Cash flow analysts deal with more variables than they ever have before – and, more often than not, do so with antiquated methods. In the following article, we will focus on discussing how a few small changes – namely around the automation of FX rate data and knowledge of local operations – can make a major difference for corporate treasury departments.
When it comes to the challenges facing the corporate treasury analysts tasked with forecasting cash flows, 2016 looks very similar to 2006, perhaps even 1996.
Decades after automation came into vogue, spreadsheets and manual processes for cash flow forecasting persist at many smaller corporations. A recent poll from McKinsey found that nearly half of the companies with less than $10 billion in revenue that they surveyed still use spreadsheets as their primary treasury management system.

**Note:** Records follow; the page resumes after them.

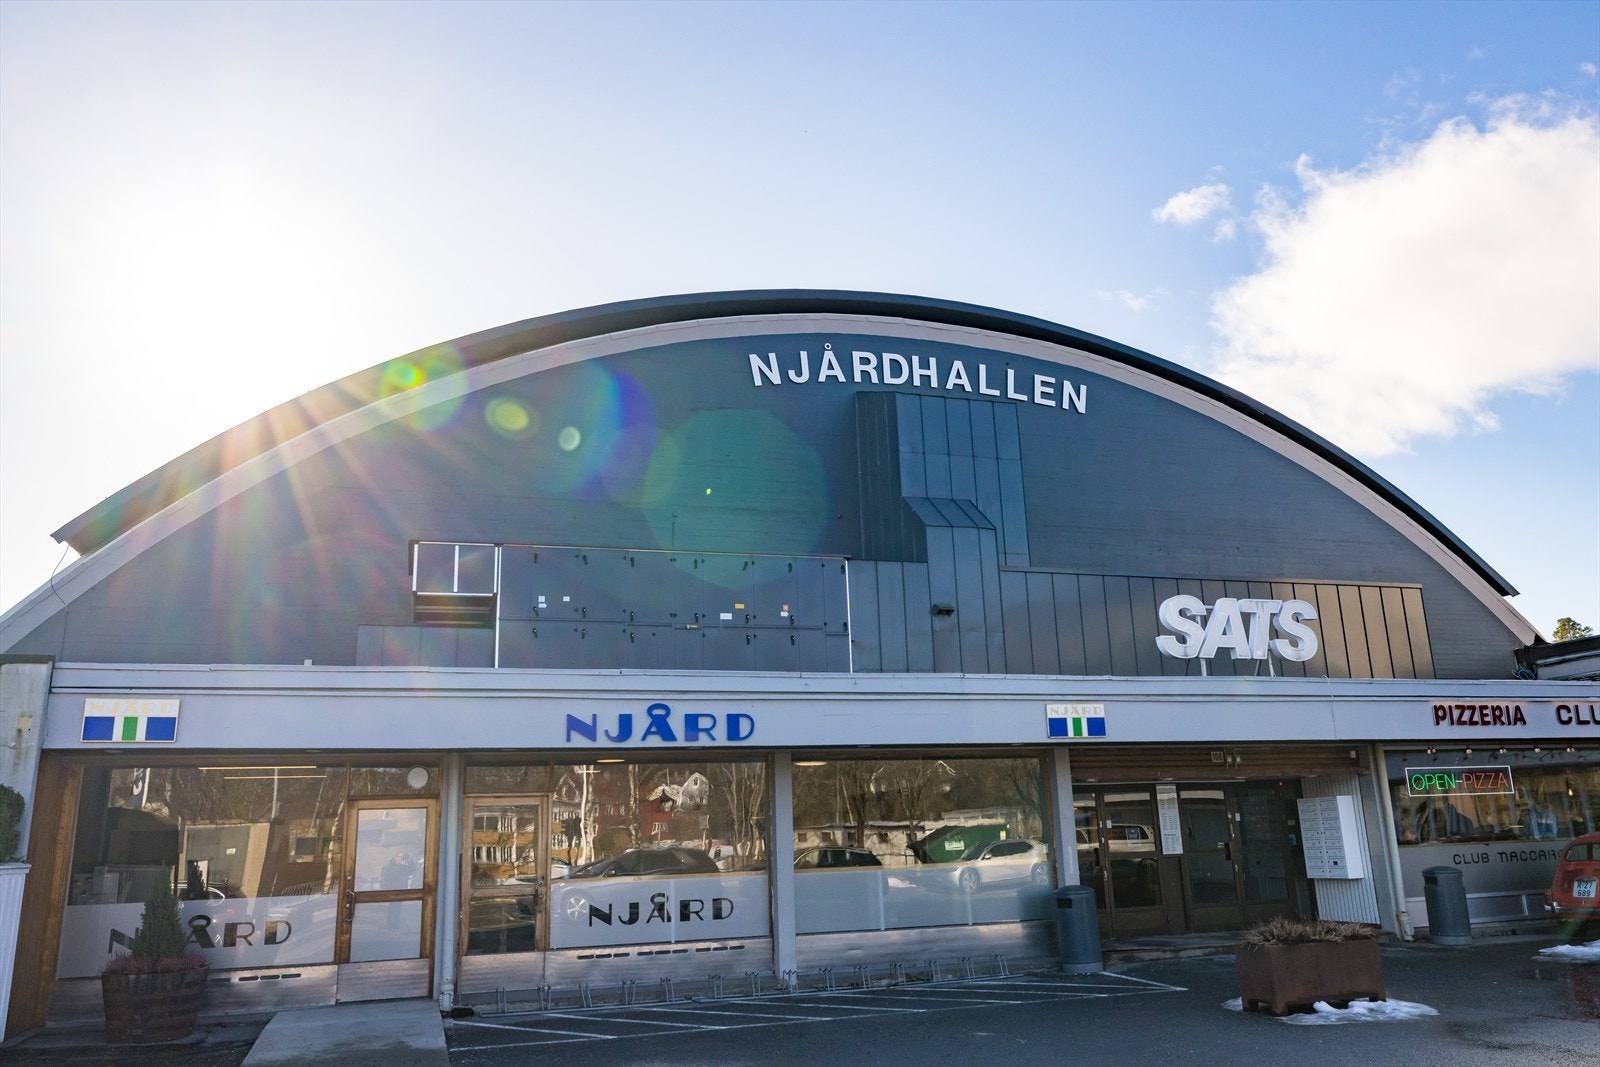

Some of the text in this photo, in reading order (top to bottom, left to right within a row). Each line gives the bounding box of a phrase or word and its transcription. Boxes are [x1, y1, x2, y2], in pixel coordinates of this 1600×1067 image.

[749, 343, 1087, 414] NJÅRDHALLEN
[1156, 595, 1318, 661] SATS
[91, 699, 173, 715] NJÅRD
[1050, 704, 1102, 716] NJÅRD
[1432, 704, 1527, 726] PIZZERIA
[566, 703, 755, 743] NJÅRD
[1452, 853, 1490, 865] CLUB
[1577, 889, 1591, 897] 689
[588, 892, 734, 927] NJÅRD
[108, 914, 292, 954] NÅRD
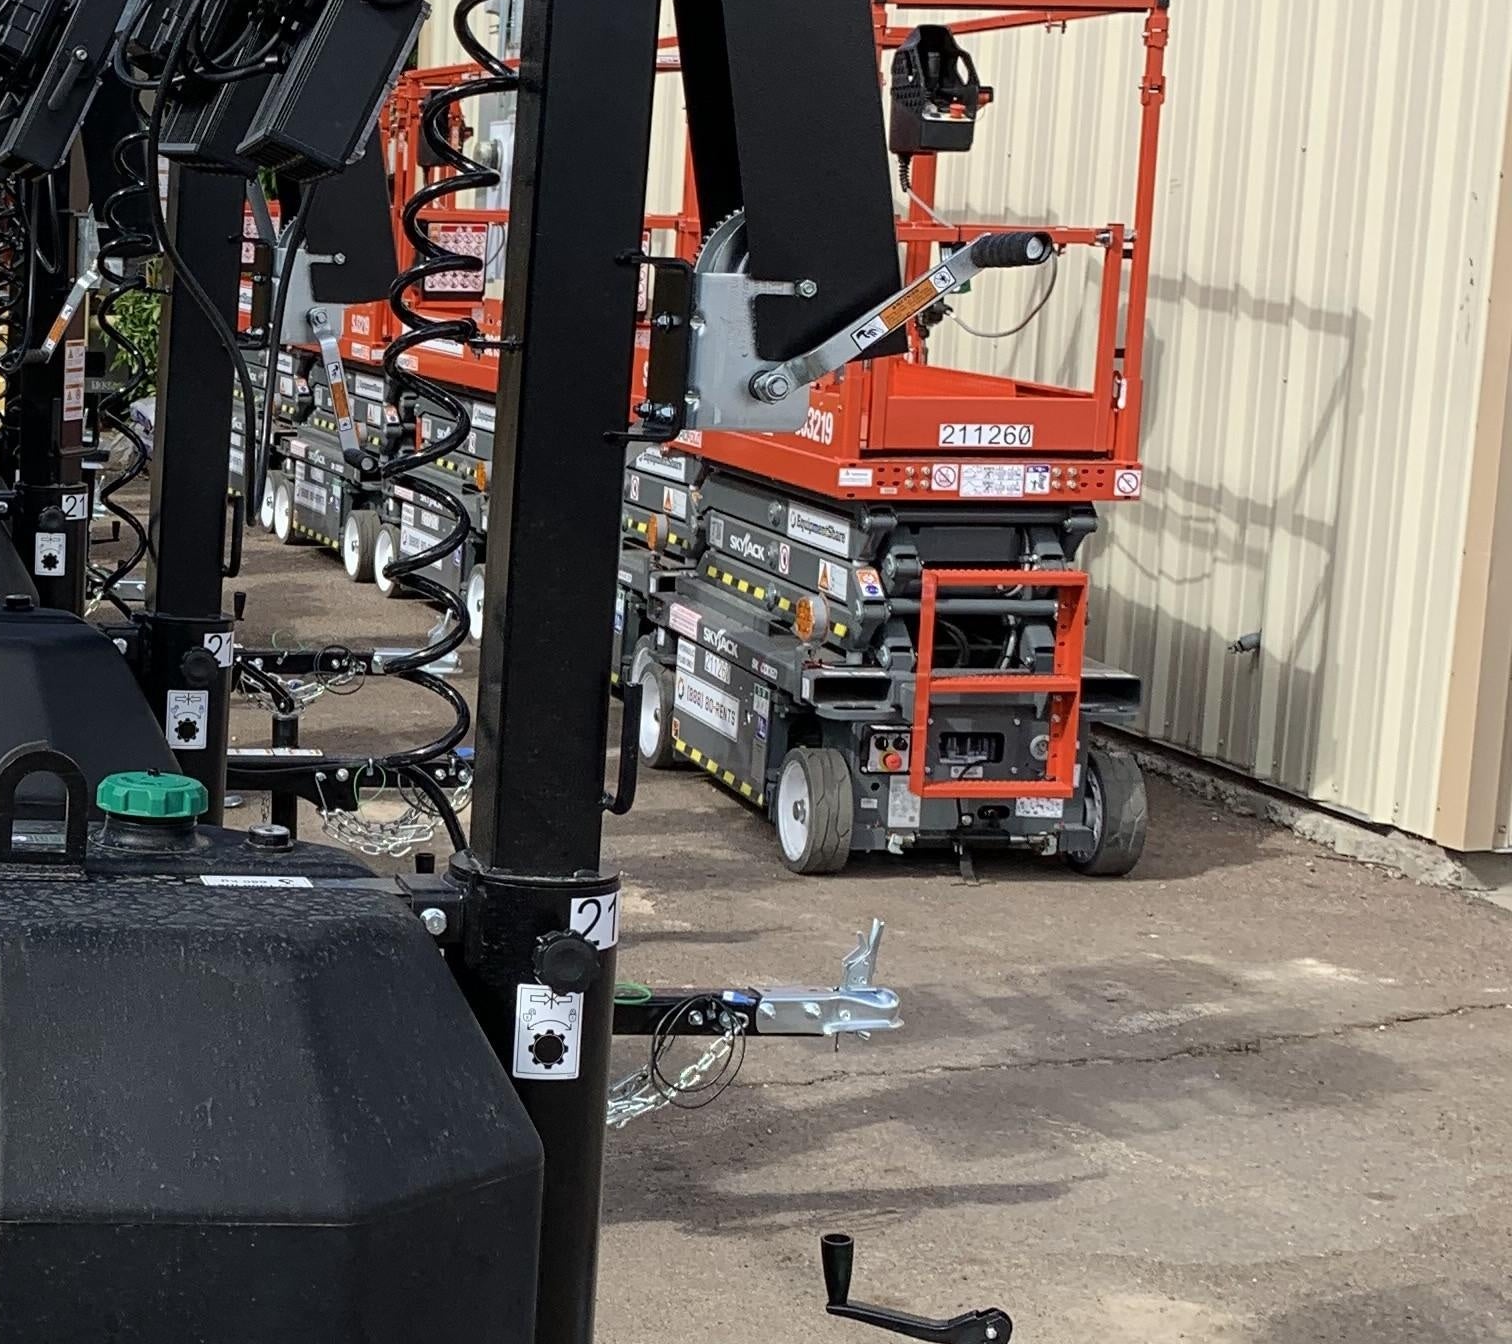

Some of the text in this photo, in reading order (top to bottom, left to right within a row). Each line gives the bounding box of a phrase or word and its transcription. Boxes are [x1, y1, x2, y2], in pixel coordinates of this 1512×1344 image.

[941, 425, 1031, 445] 211260
[729, 532, 765, 562] SKYJACK
[703, 626, 739, 659] SKYJACK
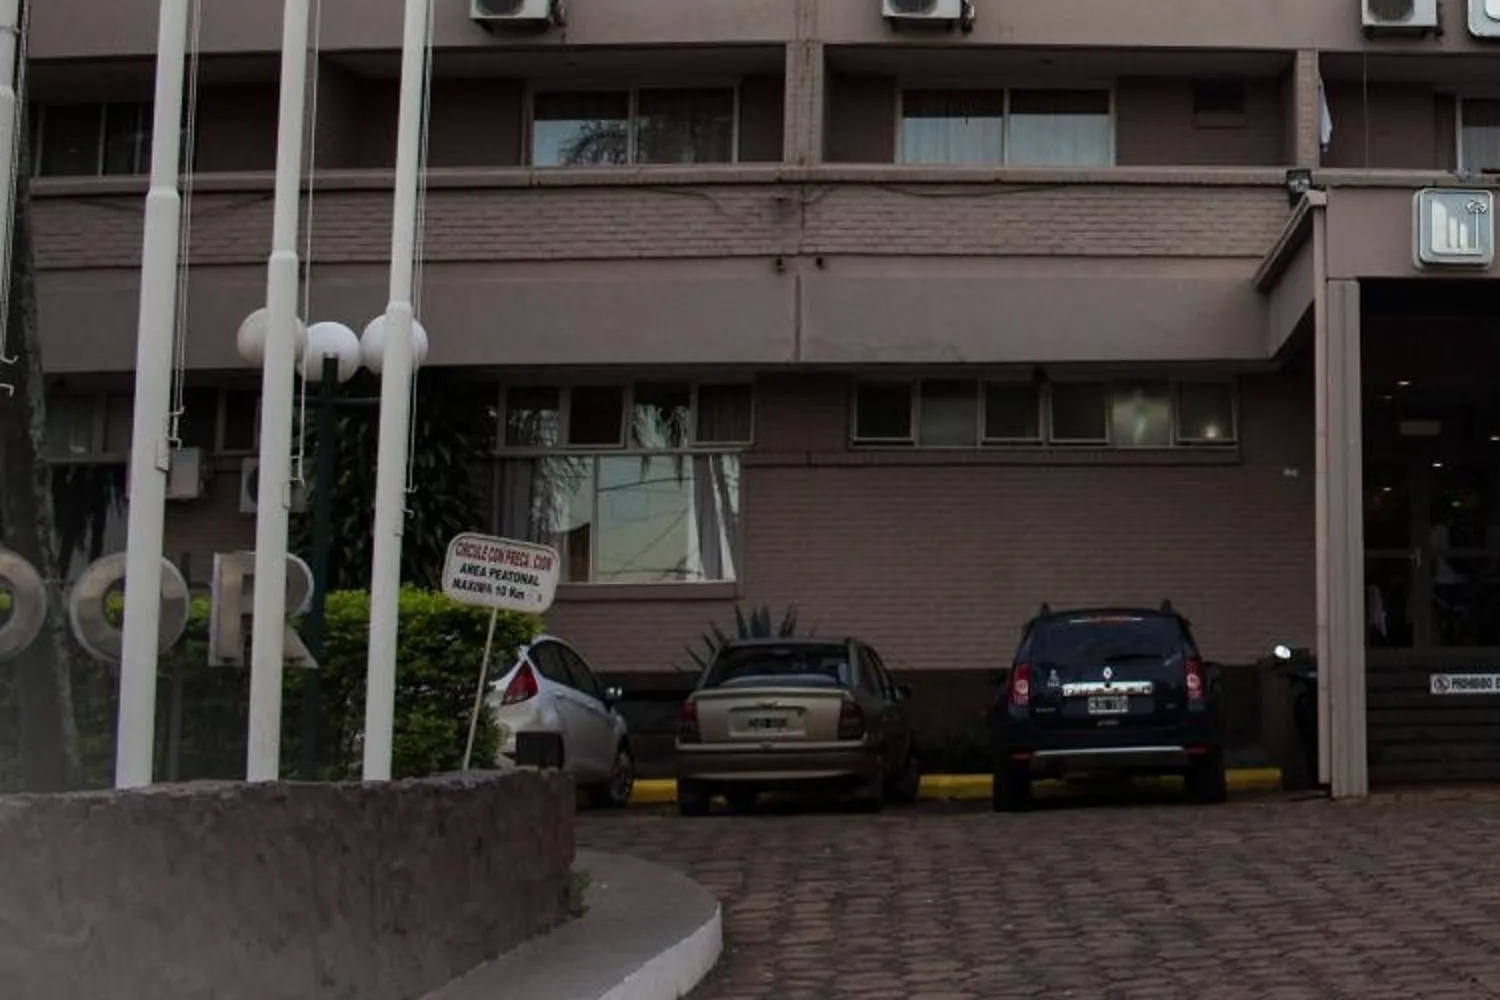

Even those businesses that have modernized their systems are challenged. Nearly half of the treasurers polled by McKinsey said that their cash forecasting is less than 80% accurate. These admissions are a bit startling when one considers how critical cash flow forecasting is to ensuring adequate liquidity and optimizing a corporation’s cash holdings, two of the CFO’s top priorities.
More recently, the challenge of accurate cash flow forecasting has been exacerbated by multi-currency market volatility and international expansion. FX fluctuations have pressed analysts to try to stay on top of their forecasts in near real time. The nuances of each new market – such as the time it takes for clients to pay invoices or the latest political tumult – enable disparate processes.
Admittedly, cash flows haven’t been the biggest of issues for corporate treasury teams in recent years, as low interest rates and an abundance of willing creditors have made borrowing favorable. Yet, the money spigot can’t last forever – and analysts can do plenty to help strengthen their FX best practices related to cash flow forecasting:
1) Enhance communication with local subsidiaries – dialogue with business operations in each country can provide corporate treasury analysts with timely information on critical factors that can affect cash flow forecasting. As noted earlier, each country has a different way of doing business – knowing whether companies in a specific geography pay their invoices within 30, 45 or 60 days is essential. In addition, local staff can keep forecasters aware of whether local liquidity facilities are favorable.
2) Utilize automated data inputs – as problematic as spreadsheets can be, some CFOs at smaller corporations can’t justify the expense of a fully automated system. Nonetheless, automated FX rate feeds can help ensure that the data that goes into spreadsheets is accurate. Automated FX rate feeds often cost a fraction of a full system – and in an extremely unpredictable multicurrency environment, they allow forecasters to focus energy elsewhere.
3) Once again, scenarios, scenarios, scenarios – if a major market event were to happen today, corporations would still have easy access to cash – but that wouldn’t last long. Running liquidity and stress tests in economic peacetime – whether it be against political turnover in a key market, unexpected interest rate hikes or the failure of a supplier – will prepare forecasters for the next surprise event.
4) Continuously monitor liquidity facilities – many treasurers admit to being unaware of the full breadth of bank accounts, cash reserves and credit lines their company has across the world. Up-to-date knowledge of the status and viability of these facilities can help forecasters not only access cash quicker in the event of a liquidity crunch, but also avoid excessive borrowing and tax costs.
It’s inevitable that cash flow forecasting technology will catch up to other corporate treasury operations in due course. That said, analysts can buttress their operations well before then by making pinpointed, strategic decisions on what to automate and by getting even more interconnected with local operations.